● **Input material**
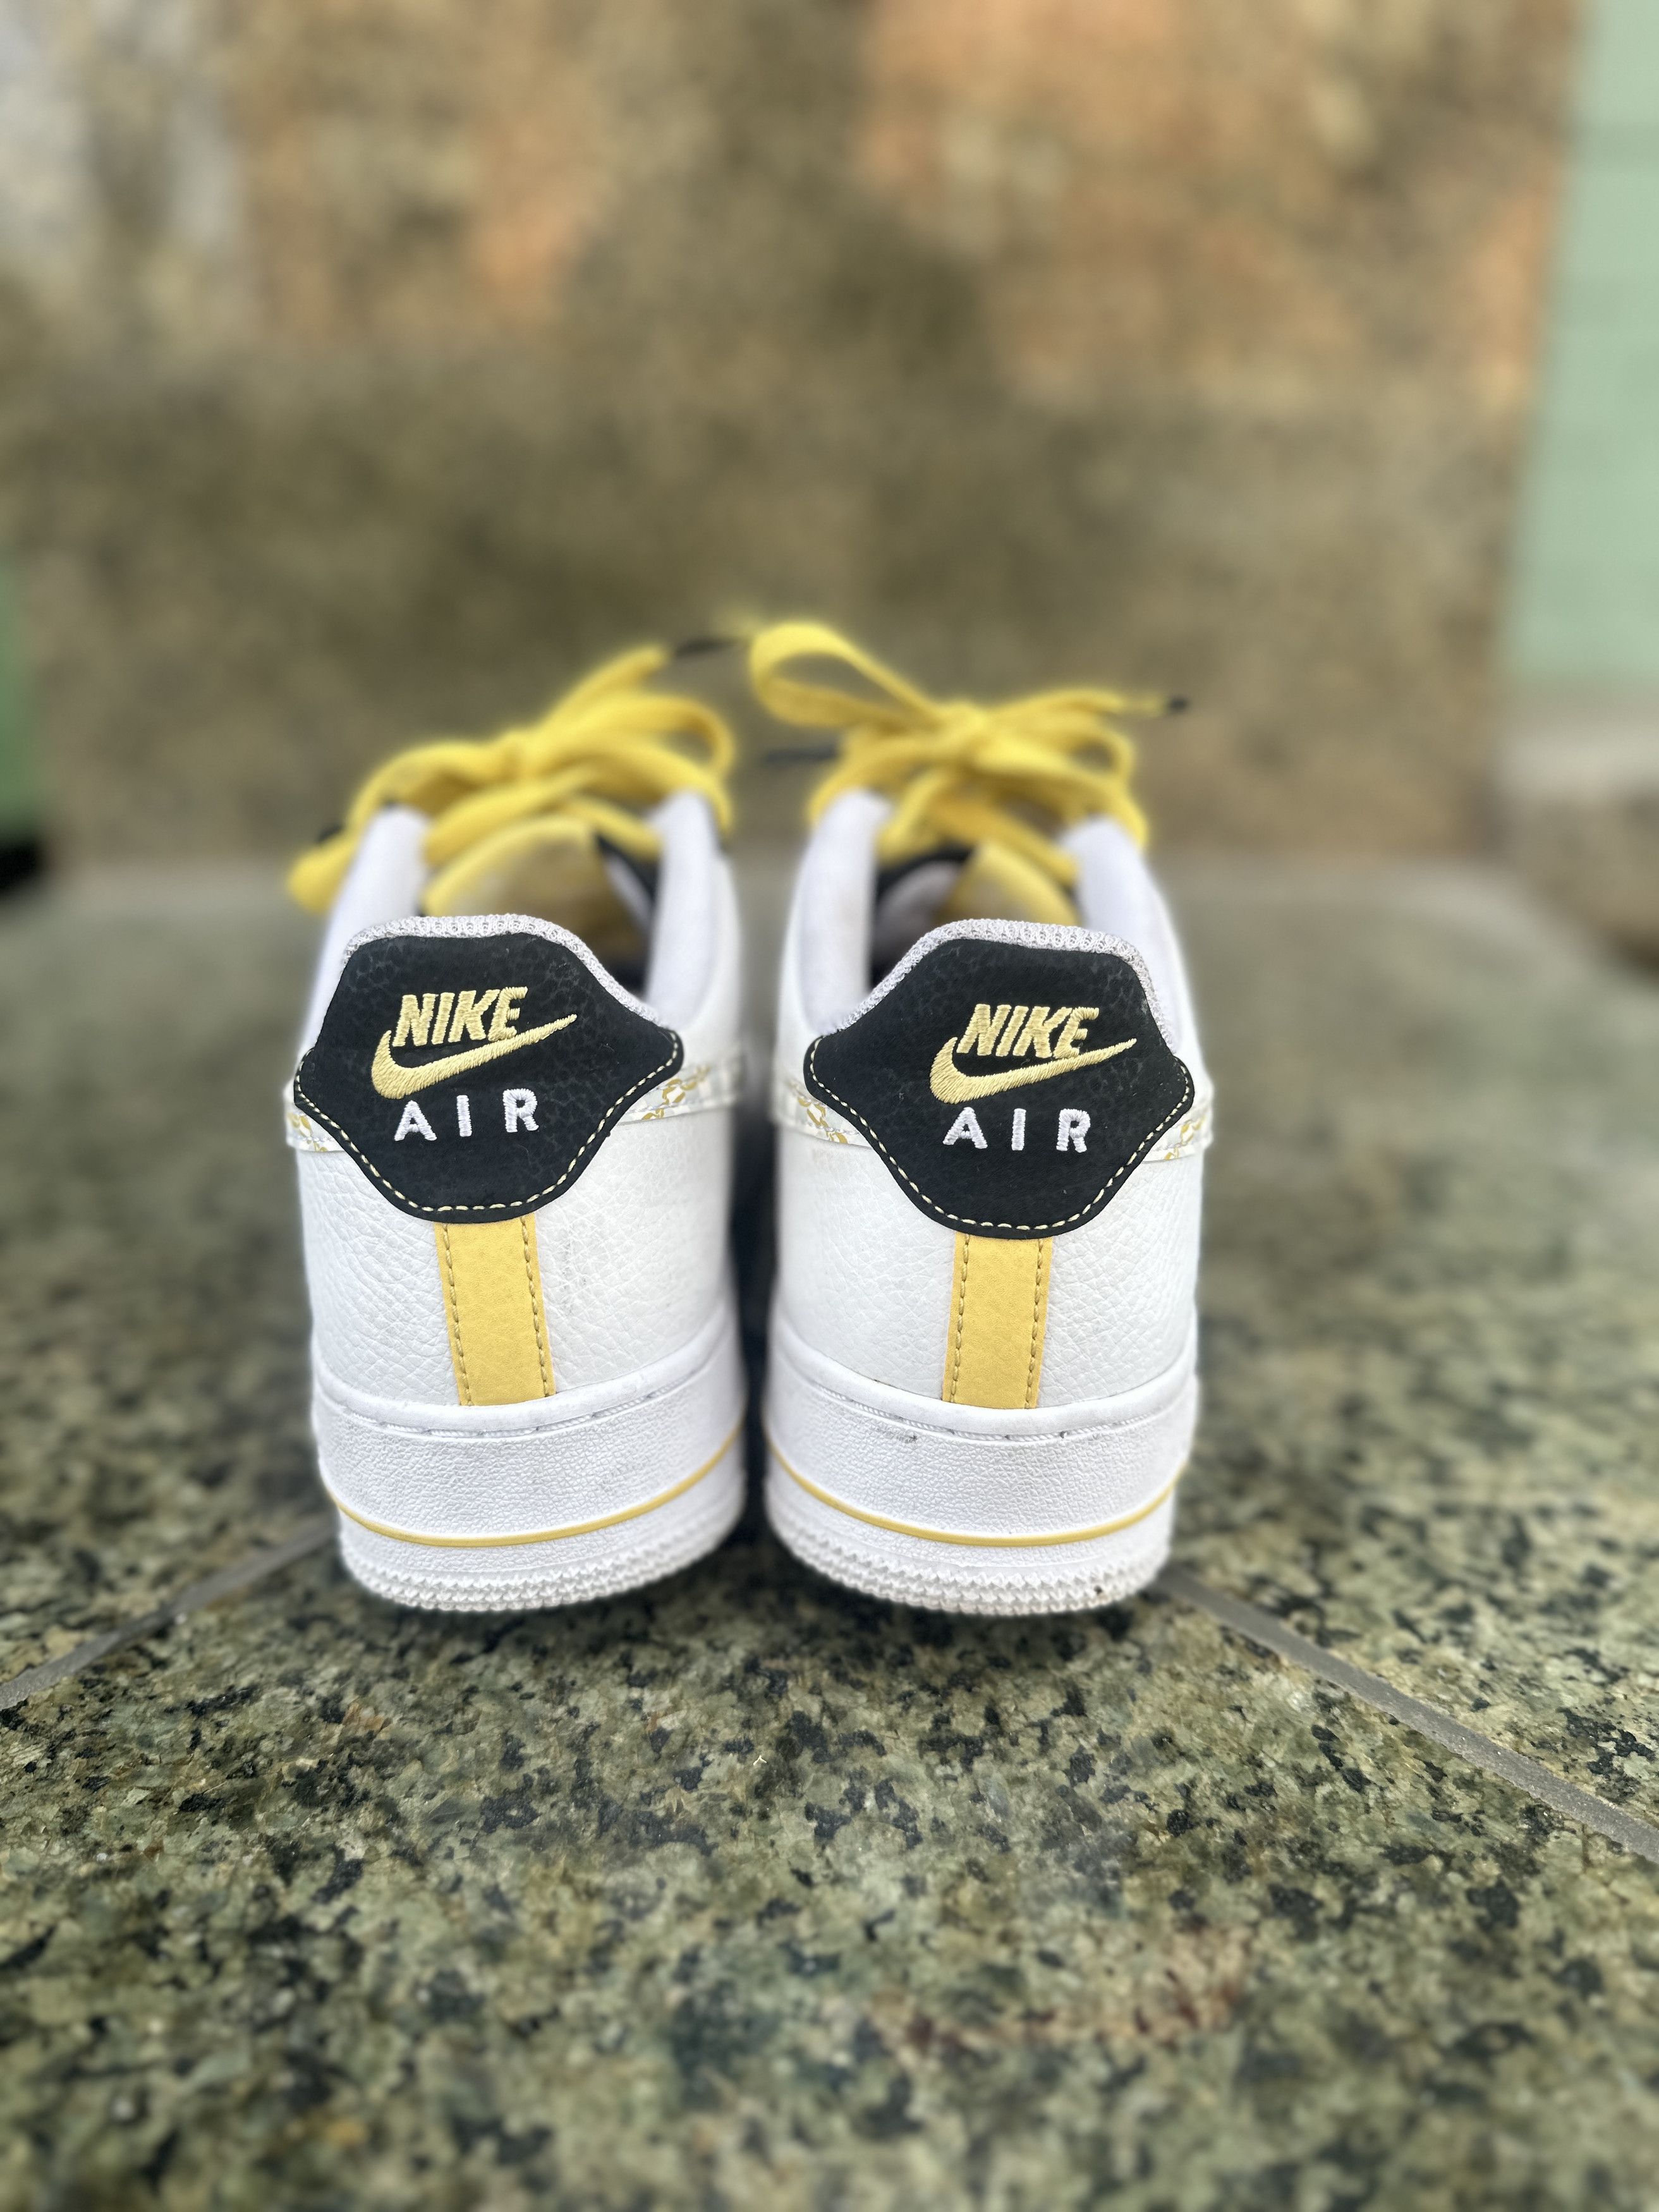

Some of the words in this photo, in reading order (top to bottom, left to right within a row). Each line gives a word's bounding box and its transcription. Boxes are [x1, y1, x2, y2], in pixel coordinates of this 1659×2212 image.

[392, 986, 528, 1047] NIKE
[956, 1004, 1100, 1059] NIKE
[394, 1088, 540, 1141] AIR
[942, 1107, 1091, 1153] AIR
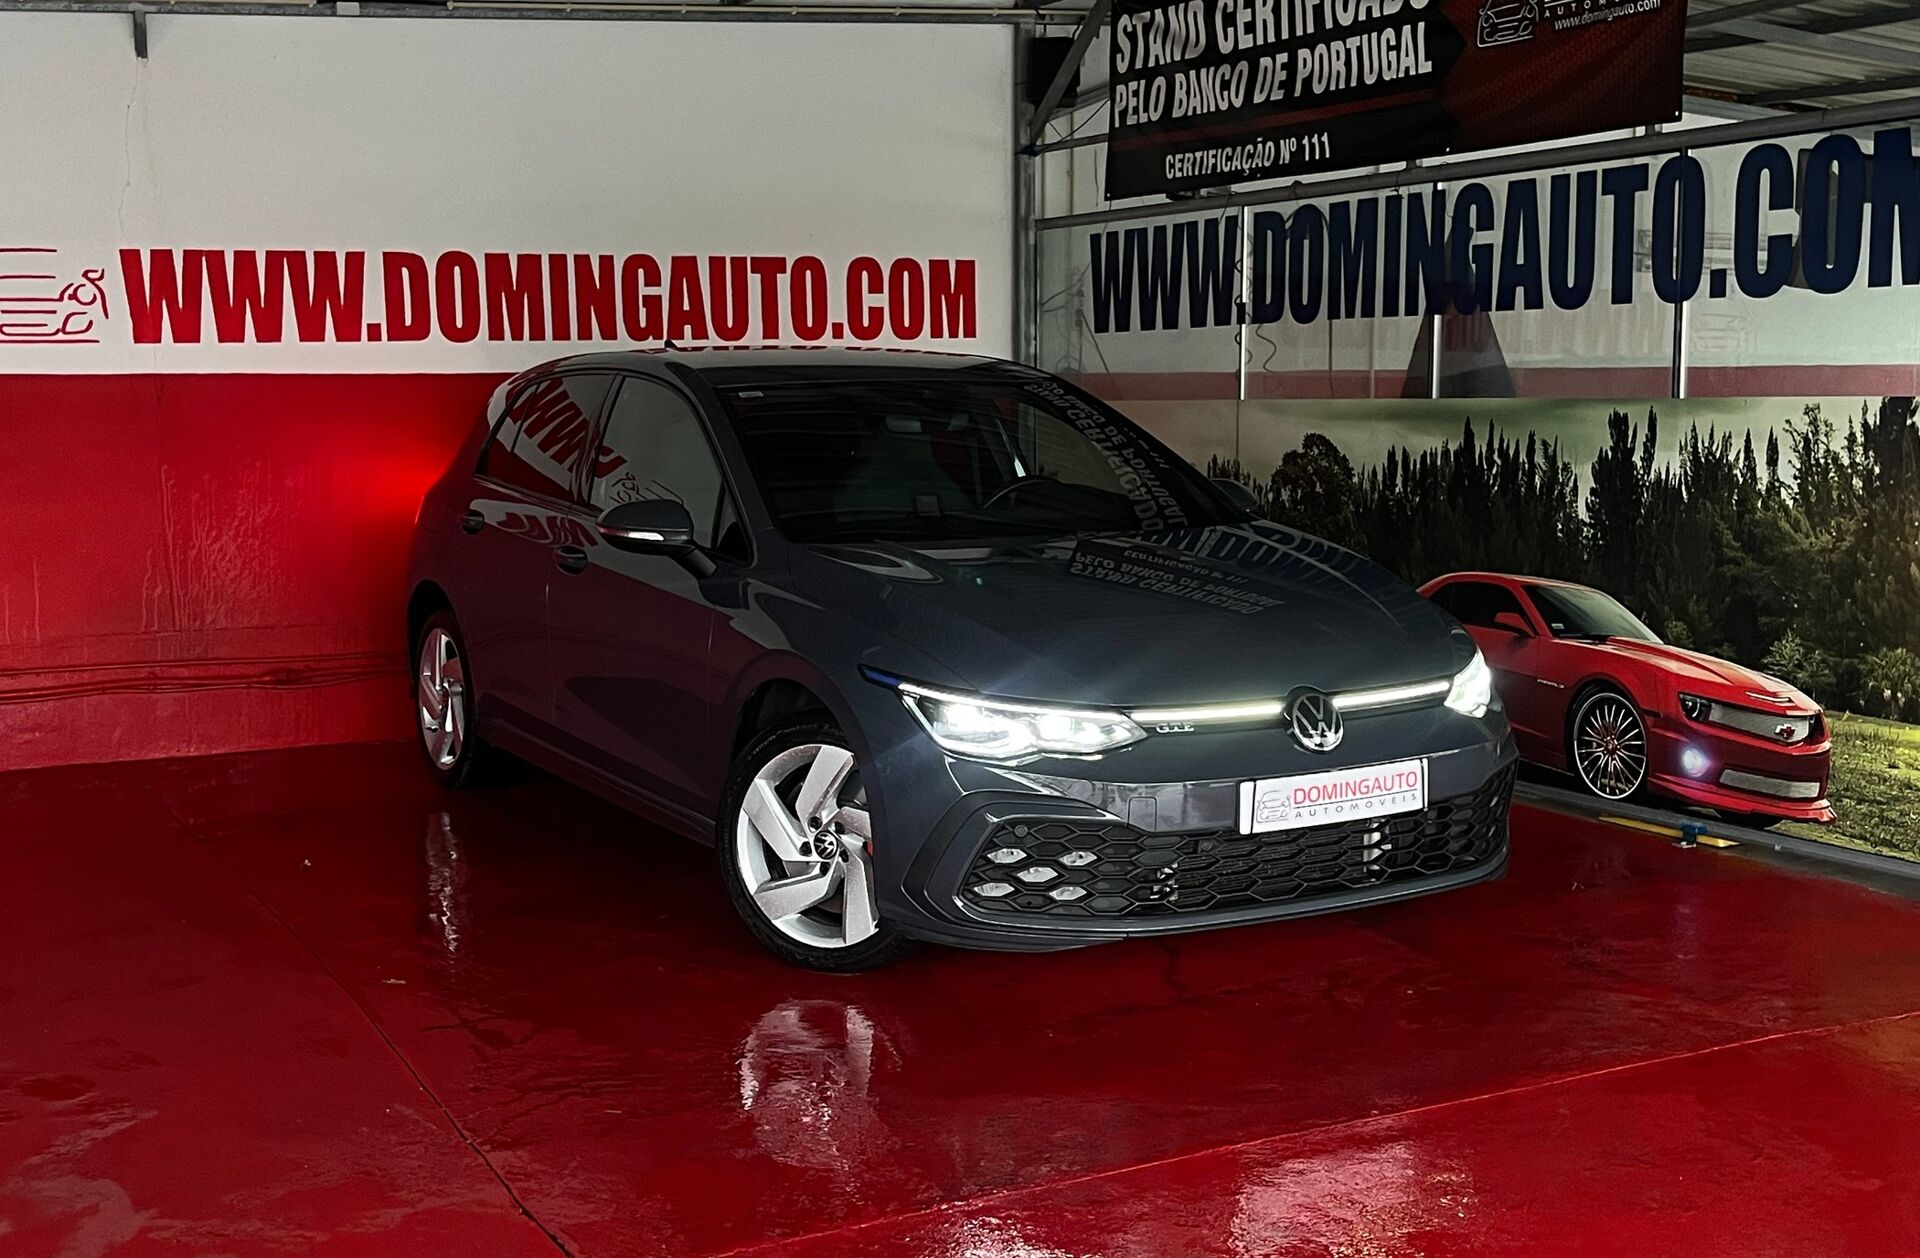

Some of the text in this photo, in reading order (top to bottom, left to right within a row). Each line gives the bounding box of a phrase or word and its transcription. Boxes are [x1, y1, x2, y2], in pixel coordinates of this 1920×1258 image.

● **Instructions to follow**
An exact, picture-free copy of the entries is required.

● **Your response**
Some of the words in this photo, in reading order (top to bottom, left to right within a row). Each line gives a word's bounding box and its transcription. Boxes are [x1, y1, x2, y2], in pixel coordinates of this 1659×2212 image.

[392, 986, 528, 1047] NIKE
[956, 1004, 1100, 1059] NIKE
[394, 1088, 540, 1141] AIR
[942, 1107, 1091, 1153] AIR

Some of the text in this photo, in reading order (top to bottom, left to right within a row). Each line gives the bounding box of a phrase or word and its transcription. Boxes are [x1, y1, x2, y2], in pixel coordinates of this 1920×1258 image.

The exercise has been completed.